かしらぎ・ひろき 1964年生まれ。8月に、「食事」と「排泄」という当たり前のことができなくなって気づいたことを、著書「食べることと出すこと」にまとめて出版。その他「絶望名人カフカの人生論」「絶望読書」「落語を聴いてみたけど面白くなかった人へ」など。NHK「ラジオ深夜便」の「絶望名言」のコーナーに出演中。

広がる病気への偏見

 安倍首相の辞任会見後、「潰瘍性大腸炎の悲惨さを語って欲しい」という趣旨の取材依頼がたくさん来ました。でも、すべて断りました。僕自身の反省もこめて言いますが、当事者は病気の大変な部分を語りがちです。伝える側も「なんともない」では記事にはならないので、結果として、病気の大変さばかりが世間に強調されます。

 人は知らないことについては、印象的な一例を知ると「こういうものだ」と一般化しがちです。でも、ものごとにはグラデーションがあります。過度な一般化は、病気に対する偏見につながるのです。
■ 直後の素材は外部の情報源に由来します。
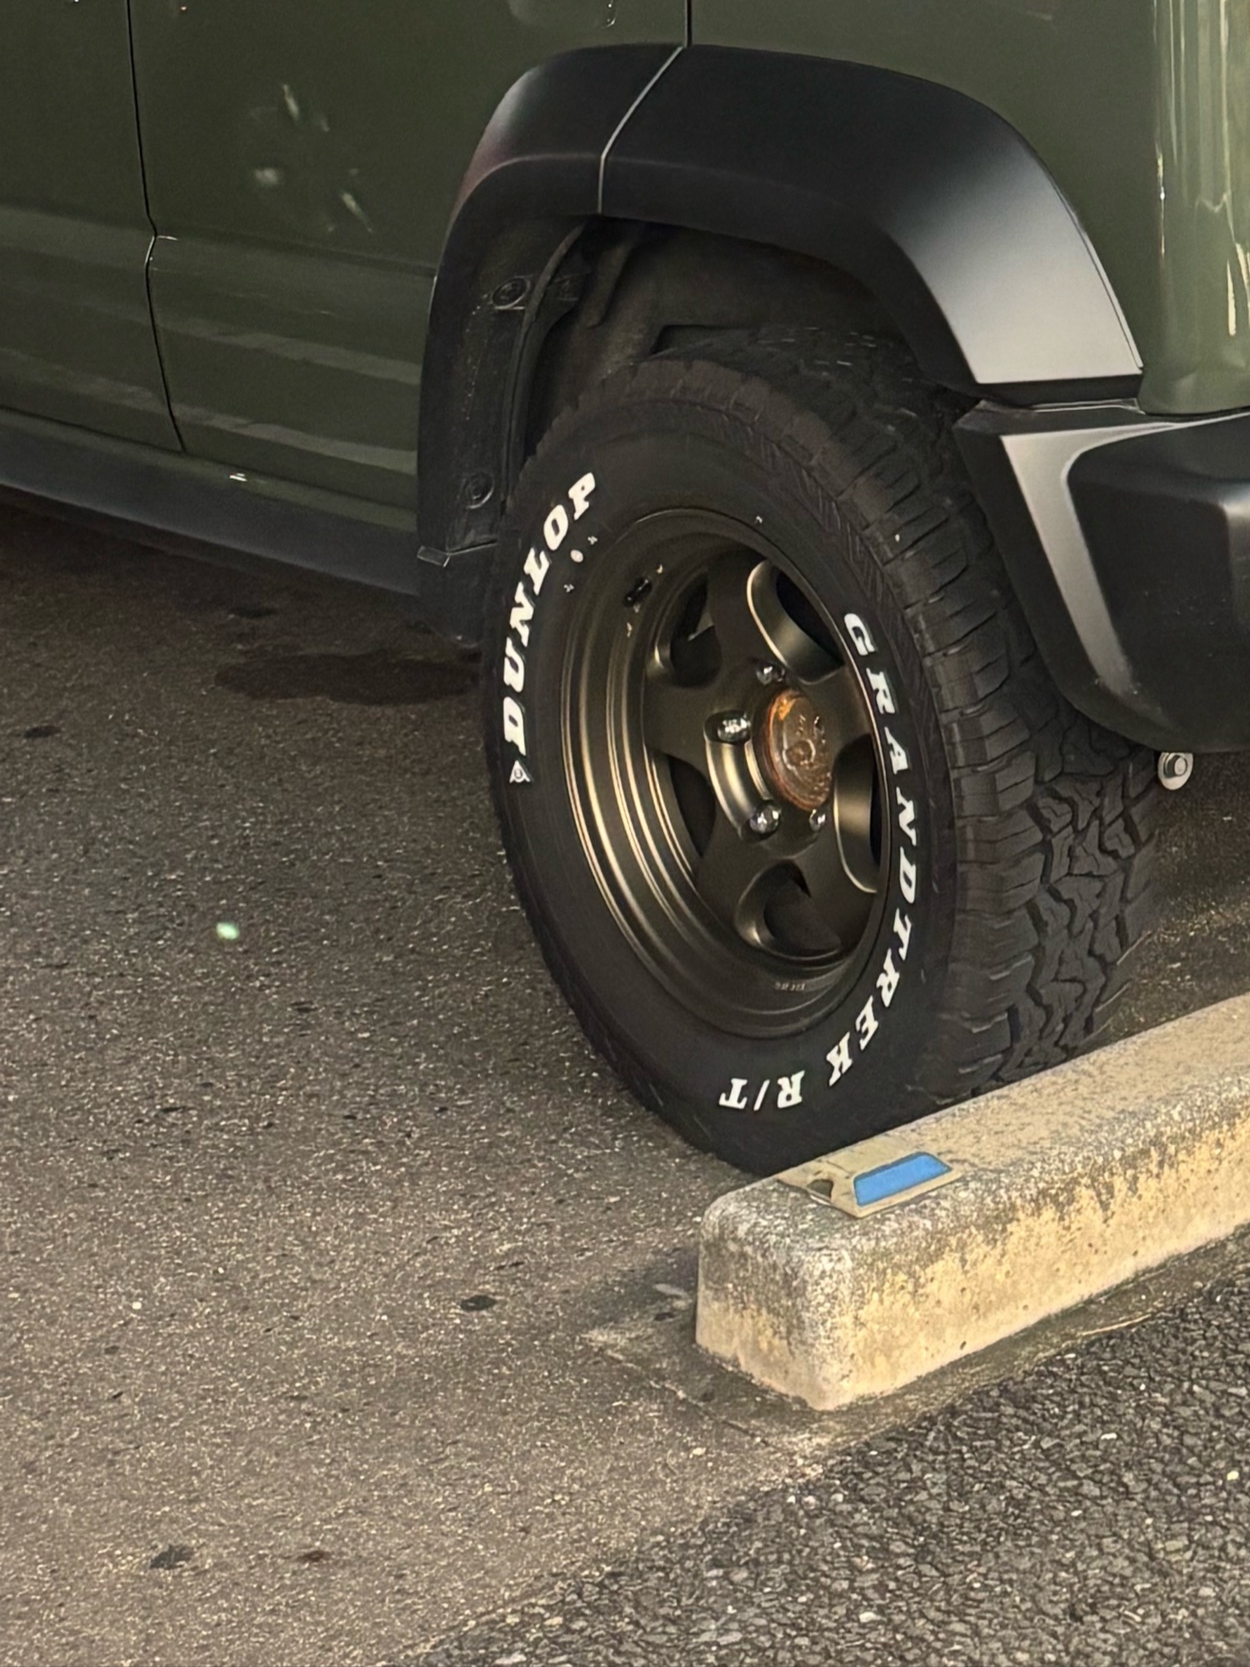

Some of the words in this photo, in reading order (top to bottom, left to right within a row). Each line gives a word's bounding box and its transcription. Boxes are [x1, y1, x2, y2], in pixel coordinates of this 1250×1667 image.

 潰瘍性大腸炎は、人によって症状に大きな違いがある病気です。重い人の例だけが一般化されると「そんな病気じゃ就職させられない」「結婚相手として許さない」といった差別が広がります。軽症で普通に日常生活が送れる人までもが、働けないと思われてしまうのです。実際、僕も安倍首相の1回目の辞任の後、安倍首相の例をあげられ「途中で仕事ができなくなるかもしれないような人に、大事な仕事は任せられない」と、もらえるはずだった大きな仕事を失いました。僕だけでなく、非常に多くの同病者が当時、仕事や結婚に差し障りが出たと思っています。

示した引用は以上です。